NORDEX rutscht durch
Und auch für den deutschen Anbieter NORDEX könnte es zunehmend rauer werden. Noch Anfang des Monats hatte die Aktie des Windturbinen-Herstellers kräftige Gewinne verbuchen können, weil man ein prall gefülltes Auftragsbuch dem Markt präsentieren konnte. Doch diese Steilvorlage war nach den Meldungen zum stockenden Ausbau an Land schnell Makulatur. Für NORDEX ist das gefährliches Pflaster. Zwar hat man in den vergangenen Quartalen viel dafür getan, sein Geschäft zu internationalisieren und auch im deutschen Offshore-Bereich einen Schwerpunkt zu legen. Dennoch sind solche Nachrichten kontraproduktiv. Hinzu kommt, dass NORDEX erst Mitte August seine nächsten Quartalszahlen vorlegt. Viel Zeit also, um auch über Negatives zu spekulieren.
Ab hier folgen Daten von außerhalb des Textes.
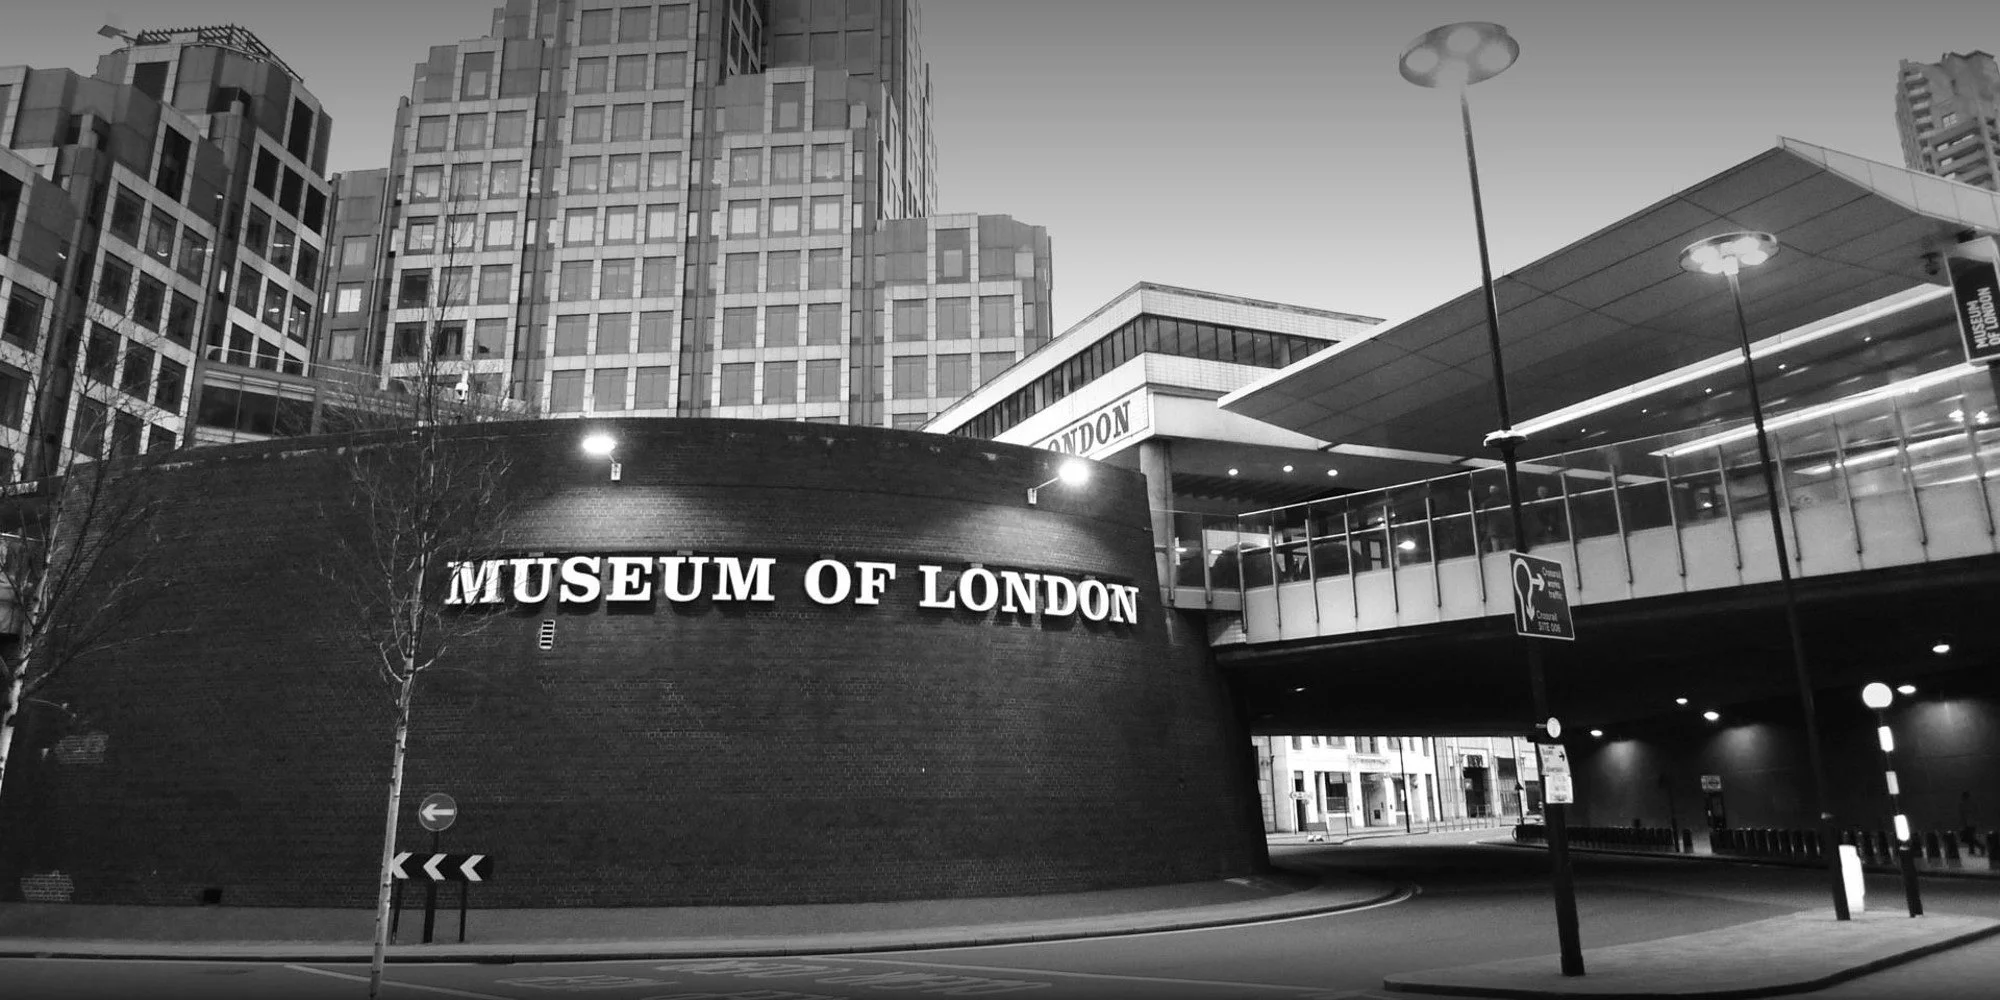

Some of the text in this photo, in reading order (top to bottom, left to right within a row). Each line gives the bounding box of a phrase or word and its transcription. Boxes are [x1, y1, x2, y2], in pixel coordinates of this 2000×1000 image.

[1966, 300, 1989, 348] MUSEUM
[1976, 287, 2000, 346] OF LONDON
[445, 556, 1139, 625] MUSEUM OF LONDON
Das aktuelle Zwischenergebnis: Die Aktie hat nicht nur ihre Gewinne von Anfang Juli wieder einkassiert, sondern ist auch durch die Unterstützung von 12 Euro gefallen. Was das charttechnische Risiko akut werden lässt, dass es auch noch in den Bereich von 9,50 Euro gehen könnte.
Fazit
Es mag zwar insbesondere in Deutschland politisch gewollt sein, den Windanlagen-Ausbau weiter voranzutreiben. Doch an den neuen Realitäten kommt man auch hierzulande nicht vorbei. Und im internationalen Geschäft gibt es auch die eine oder andere Bremsspur mit entsprechend starkem Druck auf die Preise. Unter diesen Prämissen würden wir derzeit von Investments bei Windkraftanlagen-Bauern generell abraten. Wir werden entsprechend auch unsere aktuellen Dispositionen bereinigen. Das betrifft einerseits die Karteileiche SENVION, die wir als Totalverlust abschreiben müssen. Nachdem SIEMENS GAMESA ebenfalls kräftig unter Druck geriet, empfehlen wir auch hier den Verkauf mit einem kleinen Mini-Gewinn und bei NORDEX würden wir mindestens zu einer Halbierung der Position raten. Eine endgültige Entscheidung würden wir bis zum 14. August aufschieben, wenn die nächsten Quartalszahlen veröffentlicht werden.